What is a Stage 2 breakout?

A Stage 2 breakout is the transition from Stage 1 to Stage 2, when a stock closes a weekly bar above the resistance line of its base. Weinstein requires three confirmations: the breakout closes above the base on a weekly basis, the 30-week moving average has flattened or turned up, and breakout volume runs at least twice the trailing weekly average (the canonical 2× average-volume rule from the book). Any breakout missing one of these is suspect.

What is Mansfield Relative Strength?

Mansfield Relative Strength is the RS measure Stan Weinstein preferred for confirming Stage 2 breakouts. It plots a stock's price ratio against the S&P 500 (or another benchmark) and normalizes that ratio against its own 52-week moving average. Readings above zero indicate the stock is outperforming the benchmark; below zero, underperforming. Weinstein's rule: a valid Stage 2 entry requires Mansfield RS above zero and rising.

Is Stage Analysis still relevant today?

Yes. The framework's core inputs (price relative to a long-term moving average, the slope of that average, and volume confirmation on breakouts) are durable across decades and market regimes. Modern stock screeners (IBD, MarketSmith, TraderLion) all expose the same stage-consistent reads, often under different names. The fractal top-down workflow (market → sector → stock) is the actionable discipline that survives any specific signal change.

How do I identify a Stage 1 base?

Look for a stock that has finished a Stage 4 decline and has stopped making new lows for at least several months. Price moves sideways inside a roughly horizontal range. The 30-week moving average flattens. Volume contracts to below-average levels because forced sellers are done. Stage 1 bases on individual stocks can last from a few months to several years; longer and tighter bases tend to produce stronger subsequent Stage 2 advances.

Should I short Stage 4 stocks?

Weinstein's framework does allow Stage 4 short entries with their own three-confirmation analog: price breaks below the support line of the prior base on a weekly basis, the 30-week MA has flattened or turned down, and breakdown volume runs heavy. For most retail swing traders, however, the simpler instruction is to stay completely out of Stage 4 names rather than try to short them. The risk-reward of shorting is asymmetric and tax-treatment is worse.

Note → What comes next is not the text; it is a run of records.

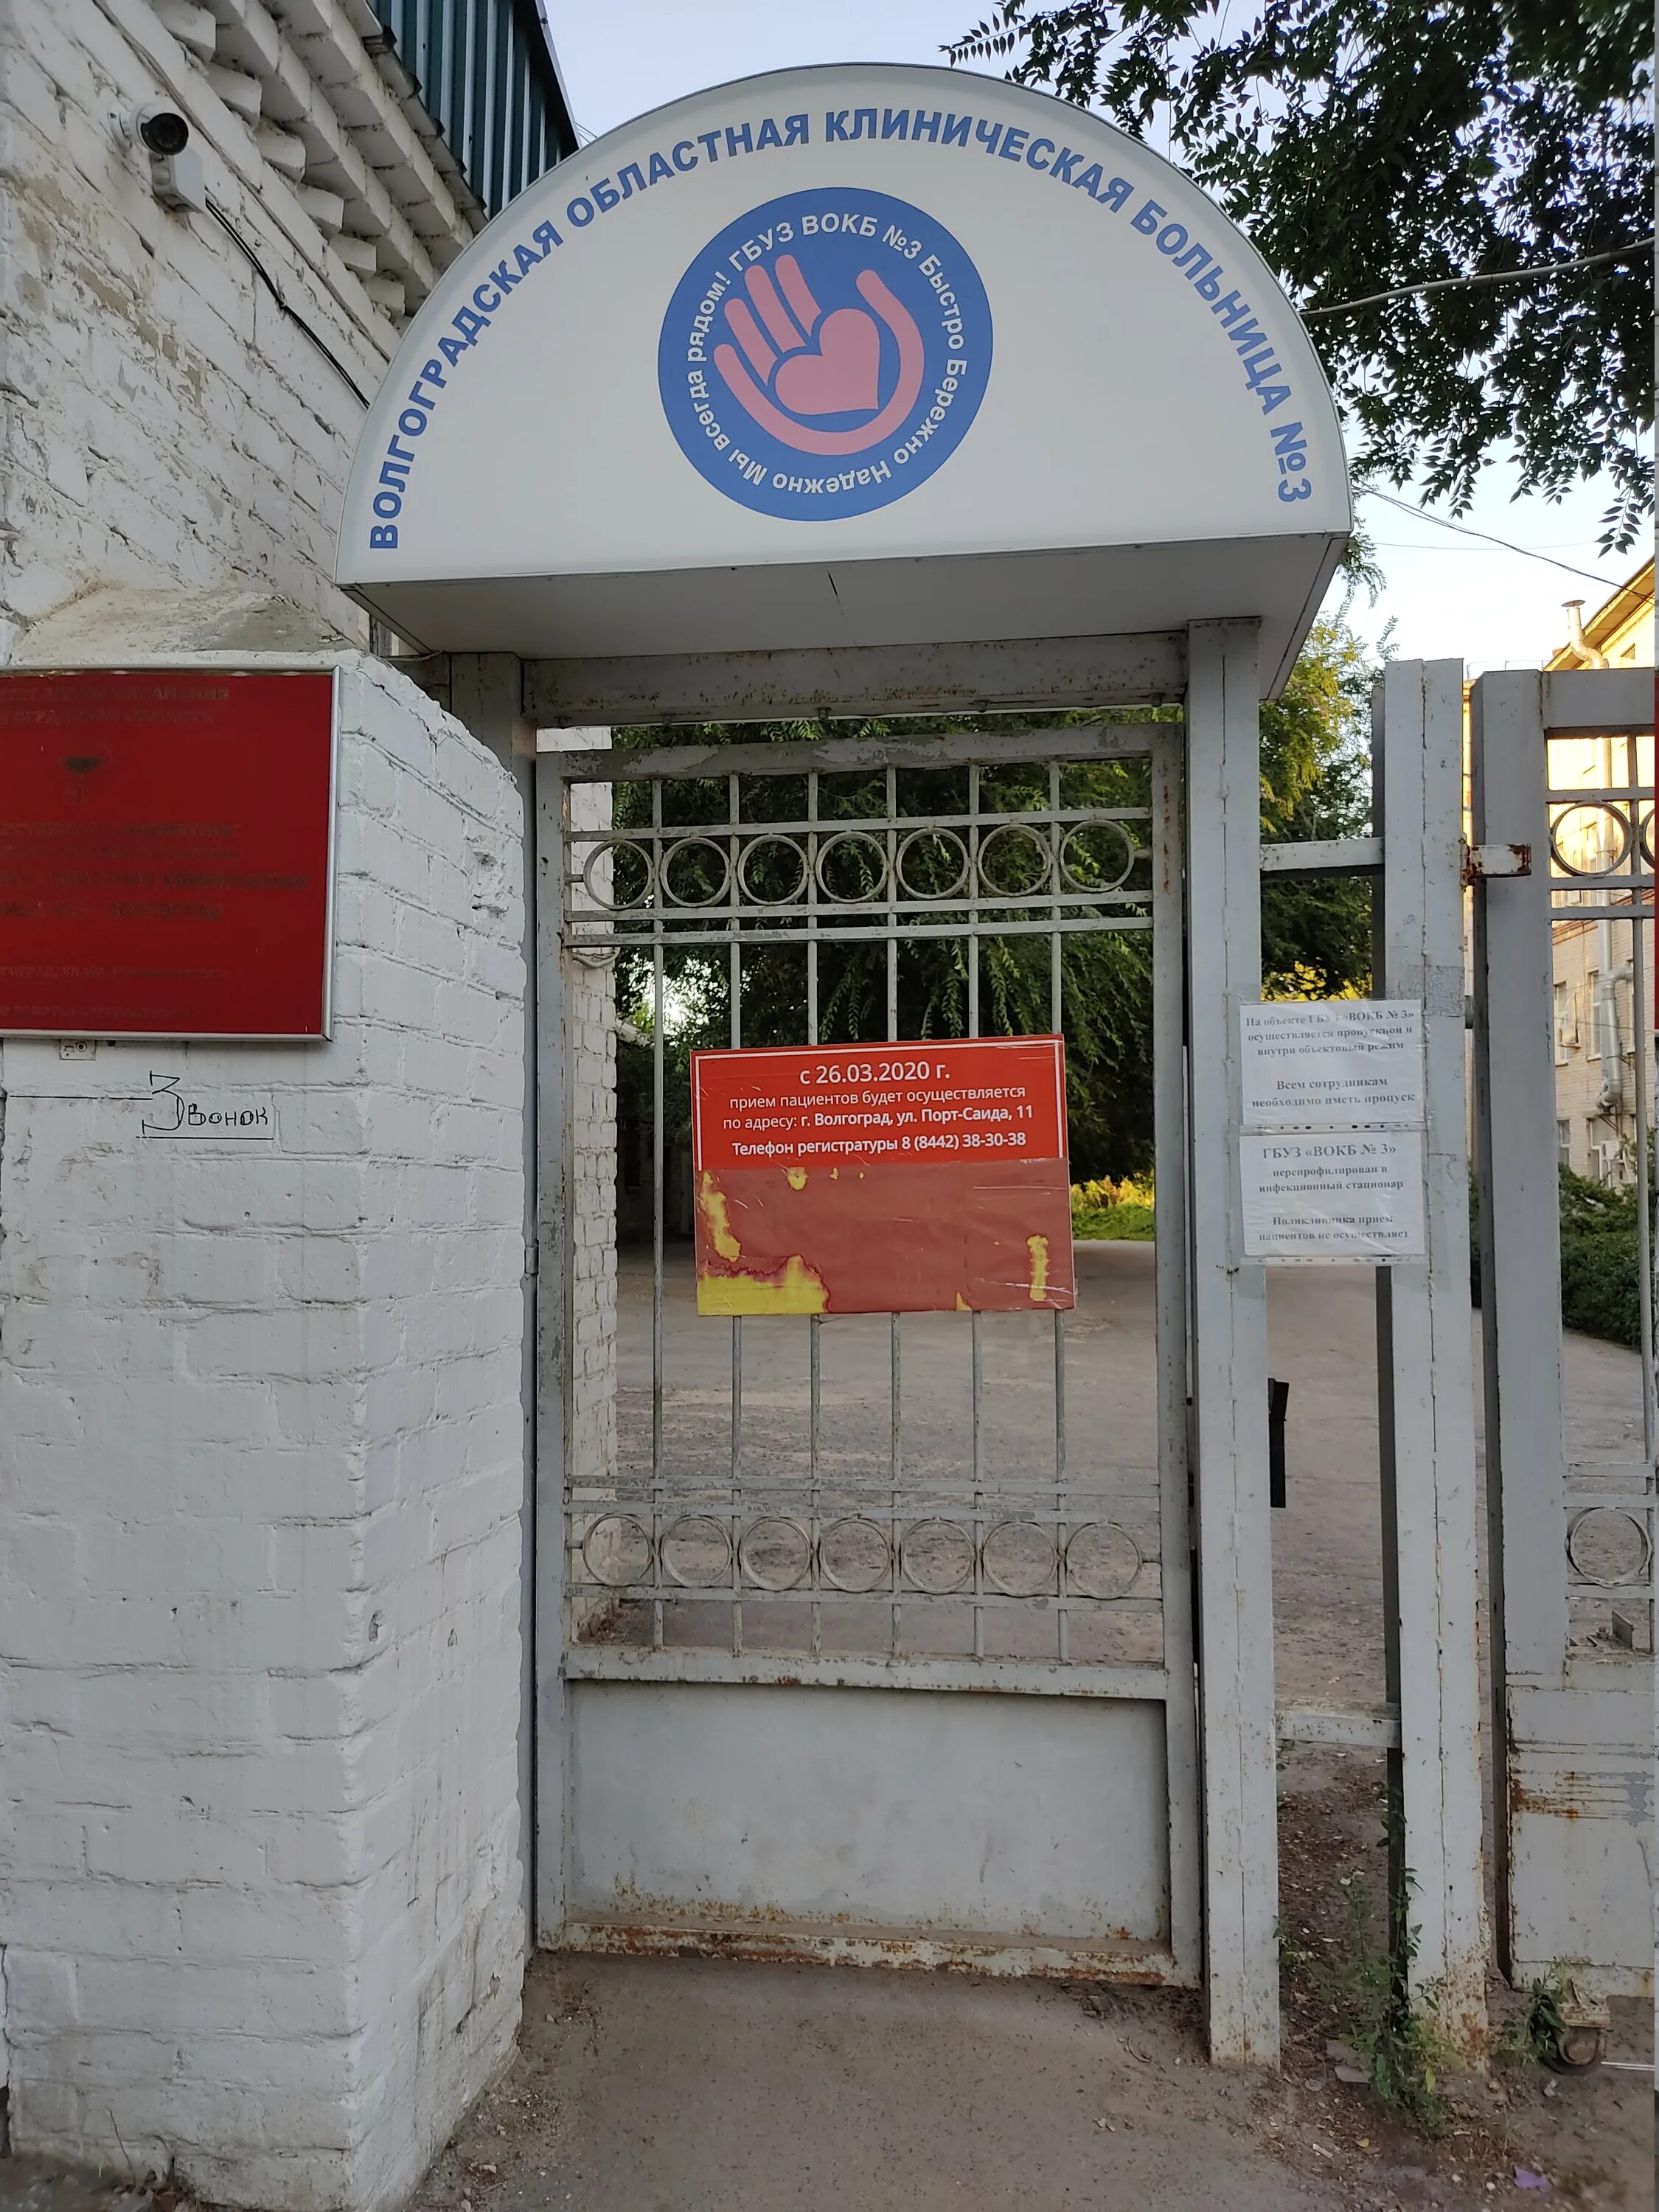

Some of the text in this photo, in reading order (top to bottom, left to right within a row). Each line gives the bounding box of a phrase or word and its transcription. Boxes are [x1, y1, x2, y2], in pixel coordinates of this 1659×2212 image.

[369, 108, 1312, 550] ВОЛГОГРАДСКАЯ ОБЛАСТНАЯ КЛИНИЧЕСКАЯ БОЛЬНИЦА №3
[686, 212, 968, 495] ГБУЗ ВОКБ №3 Быстро Бережно Надежно Мы всегда рядом!
[1246, 1018, 1261, 1026] На
[1264, 1017, 1306, 1026] объекте
[1385, 1010, 1399, 1019] №
[1401, 1009, 1414, 1019] 3»
[1248, 1031, 1334, 1043] осуществляется
[1257, 1047, 1295, 1057] внутри
[799, 1061, 950, 1085] с 26.03.2020 г.
[1276, 1078, 1388, 1090] Всем сотрудникам
[729, 1086, 1026, 1111] прием пациентов будет осуществляется
[1252, 1093, 1416, 1107] необходимо иметь пропуск
[723, 1105, 1033, 1132] по адресу: г. Волгоград, ул. Порт-Саида, 11
[731, 1133, 1027, 1158] Телефон регистратуры 8 (8442) 38-30-38
[1262, 1144, 1397, 1159] ГБУЗ «ВОКБ № 3»
[1273, 1166, 1378, 1178] перепрофилирован
[1259, 1180, 1404, 1194] инфекционный стационар
[1259, 1232, 1315, 1241] пациентов

How does Stage Analysis differ from CANSLIM?

Both rely on relative strength, breakouts, and volume confirmation. Weinstein's framework is purely technical and built around the four-stage model and the 30-week moving average. William O'Neil's CANSLIM is a seven-letter acronym mixing fundamentals (C for current quarterly earnings, A for annual earnings growth, N for new product/service/management) with technical and structural factors (S for supply and demand, L for leader or laggard, I for institutional sponsorship, M for market direction). CANSLIM is broader; Stage Analysis is tighter and simpler. TickerStance's free fundamental leadership map (/fundamentals) covers the C and A legs — current and annual earnings strength by industry group.

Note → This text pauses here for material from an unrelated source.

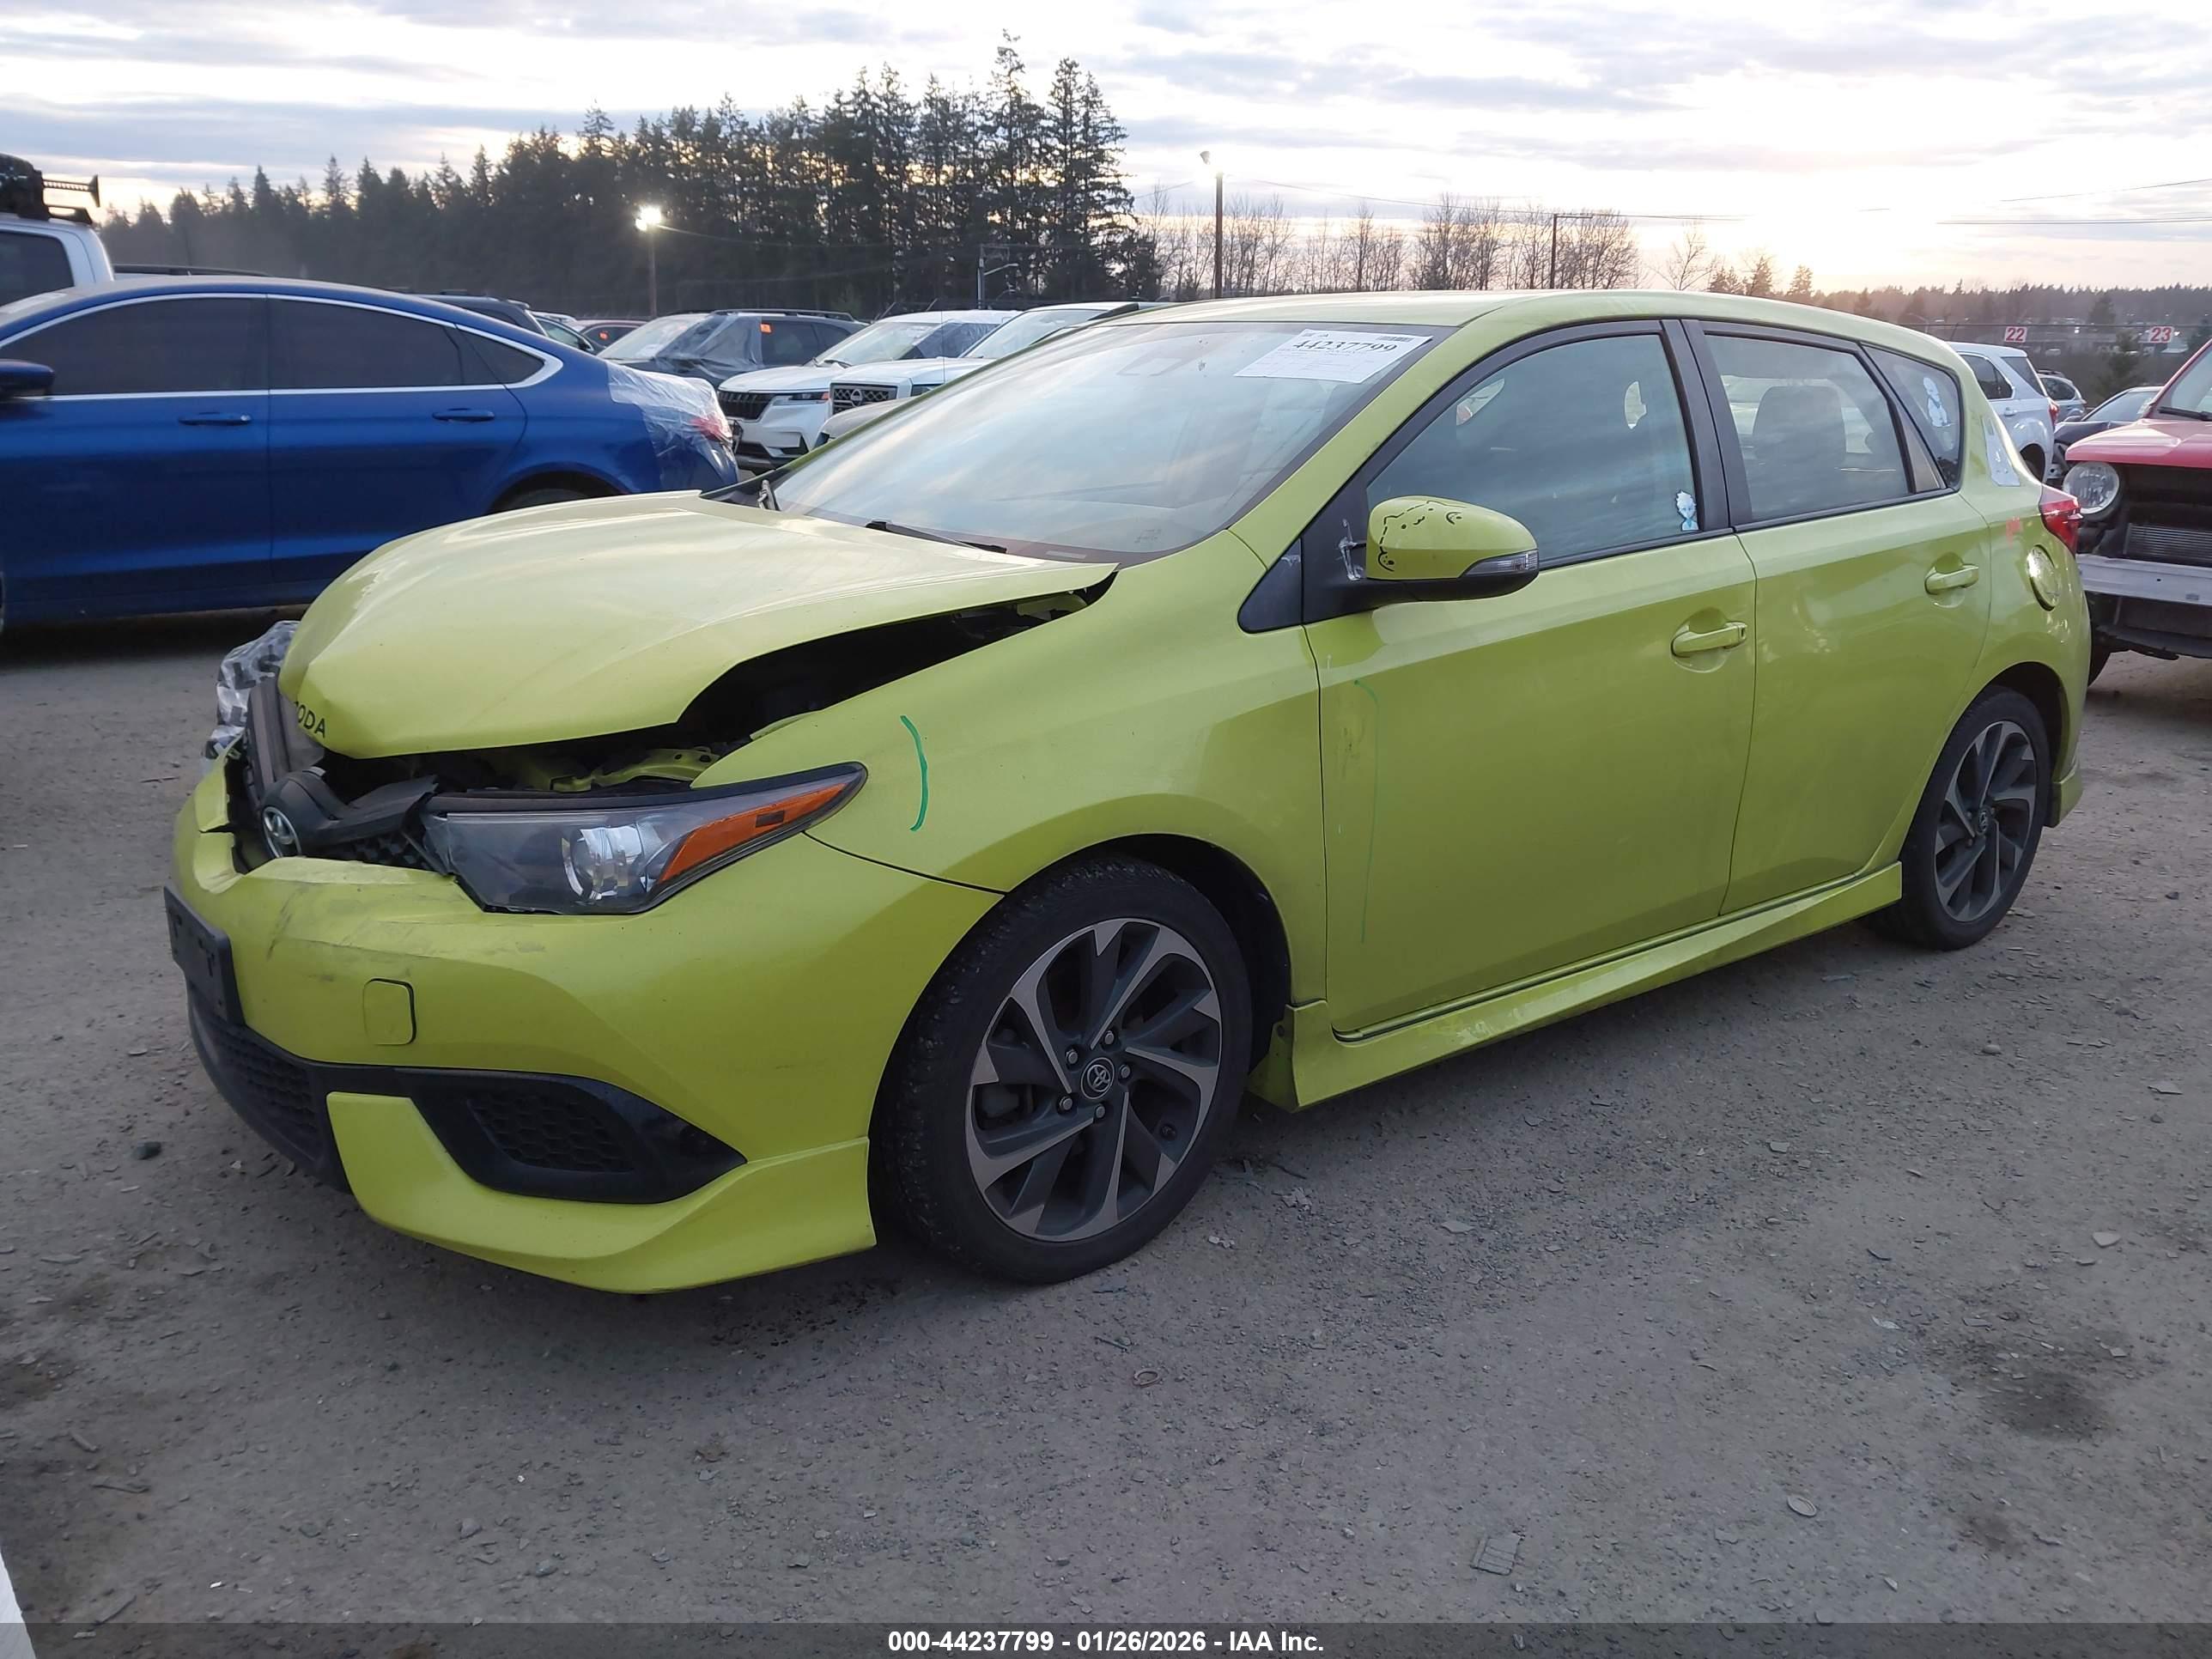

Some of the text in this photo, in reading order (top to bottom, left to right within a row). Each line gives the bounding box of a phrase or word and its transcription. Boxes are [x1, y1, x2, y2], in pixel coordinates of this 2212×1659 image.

[2006, 327, 2025, 341] 22
[2150, 327, 2172, 342] 23
[1292, 340, 1398, 352] 44237799

Where does tickerstance show Weinstein stage data?

tickerstance does not display explicit Stage 1-4 labels, but several signals carry the same information: SPY relative to its 50-day and 200-day moving averages and the 200-day slope (in the Trend subscore), plus relative-strength leaderboards (in the Leadership subscore). A name in the top RS leaderboards trading above both moving averages is the dashboard's analog of a Stage 2 leader in Weinstein's classification.